#4 TiemposDesde mi clóset

Entre la más y menos, la homofobia | Columna de Paul Ibarra

Desde mi clóset

 

Esta semana finalizó la segunda temporada de La Más Draga, un reality show web en el que un grupo de Drag Queens mexicanas se disputaba el título de la mejor. Durante nueve episodios trabajaron arduamente con el objetivo de satisfacer al exigente jurado integrado por Jhonny Carmona, Yari Mejia, Letal y una personalidad invitada cada semana. 

Conforme pasaban los días el fenómeno cobraba fuerza. Cientos de miles de espectadores esperaban con ansia el siguiente capítulo. Las filias y fobias también salieron a relucir, ya que los fanáticos de cada una de las participantes se manifestaban en redes sociales. El éxito fue tal que no faltaron los envidiosos y especuladores que, con un alto índice de delirio de persecución, comenzaron a inventar teorías de conspiración, los homofóbicos. 

Y es que este martes 27, cuando la audiencia esperaba el capítulo final, un vendaval de reportes al canal de YouTube, información verificada por el productor Carlo Villarreal, hicieron que la transmisión colapsara. Al final del día no se pudo llevar a cabo el streaming por lo que el único consuelo fue stalkear los perfiles de las Drags, la conductora, la producción y alguno que otro mal portado que hizo “live” desde el antro en el que se reunieron las feminosas para la coronación. 

Dicho lo anterior, algunas reflexiones surgen luego de atravesar este fenómeno llamado “La Más Draga 2”. En principio de cuentas, el programa se ha convertido en una excelente plataforma para homenajear el arte de la transformación, tener conciencia de la existencia de calidad y talento existente en el Drag Queen mexicano. Las participantes dieron una lección de disciplina, constancia y sobre todo de gran creatividad, tan así que, de las nueve participantes, es posible afirmar que solo por un par de exabruptos en uno que otro capítulo, se notó el profesionalismo de todas. 
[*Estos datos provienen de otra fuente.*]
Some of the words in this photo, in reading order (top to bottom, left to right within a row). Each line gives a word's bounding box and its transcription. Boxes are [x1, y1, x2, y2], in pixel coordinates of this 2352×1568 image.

Por otro lado, además de entretenimiento, este show trajo consigo un sentido de pertenencia y colectividad que se estaba perdiendo en la comunidad gay. Por lo menos en San Luis, reunió a más de medio centenar de homosexuales en un espacio seguro de convivencia que les permitió expresar su gusto por la feminosidad. Lo cual es todo un reto en un contexto que privilegia la masculinidad, donde solo hay chicos discretos, sin lugar y entrones. Por lo que hablar de glitter, pestañas largas, pelucas y tacones es un agasajo, que este reallity facilitó. 

Por último, La Más Draga es un ejemplo claro de cómo es que el colectivo de la diversidad sexual es totalmente incluyente. La ganadora fue una muejr cisgénero, de talla grande y heterosexual. Esto es una cachetada con guante blanco con brillantina para aquellos grupos excluyentes y separatistas que no dan cabida a la integración de corporalidades diversas, ni a sexualidades diferentes. 
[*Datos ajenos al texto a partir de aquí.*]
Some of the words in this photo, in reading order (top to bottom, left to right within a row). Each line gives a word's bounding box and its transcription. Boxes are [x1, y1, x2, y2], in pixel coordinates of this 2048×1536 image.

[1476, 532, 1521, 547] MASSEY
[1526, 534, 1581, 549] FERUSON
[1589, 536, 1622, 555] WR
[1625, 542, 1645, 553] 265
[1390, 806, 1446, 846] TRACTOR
Sin más, este programa fue un excelente pretexto para reunir a la jotería en una suerte de nuevo impulso, alejado de la masculinidad tóxica y de los prejuicios. Por lo que es necesario reconocer el enorme esfuerzo y el trabajo arduo de los productores, pero, sobre todo, de esas 9 personas que dieron el alma en cada pasarela.

Como dijo una vez RuPaul: todos venimos a este mundo desnudos, y el resto es drag. Can I get an amen!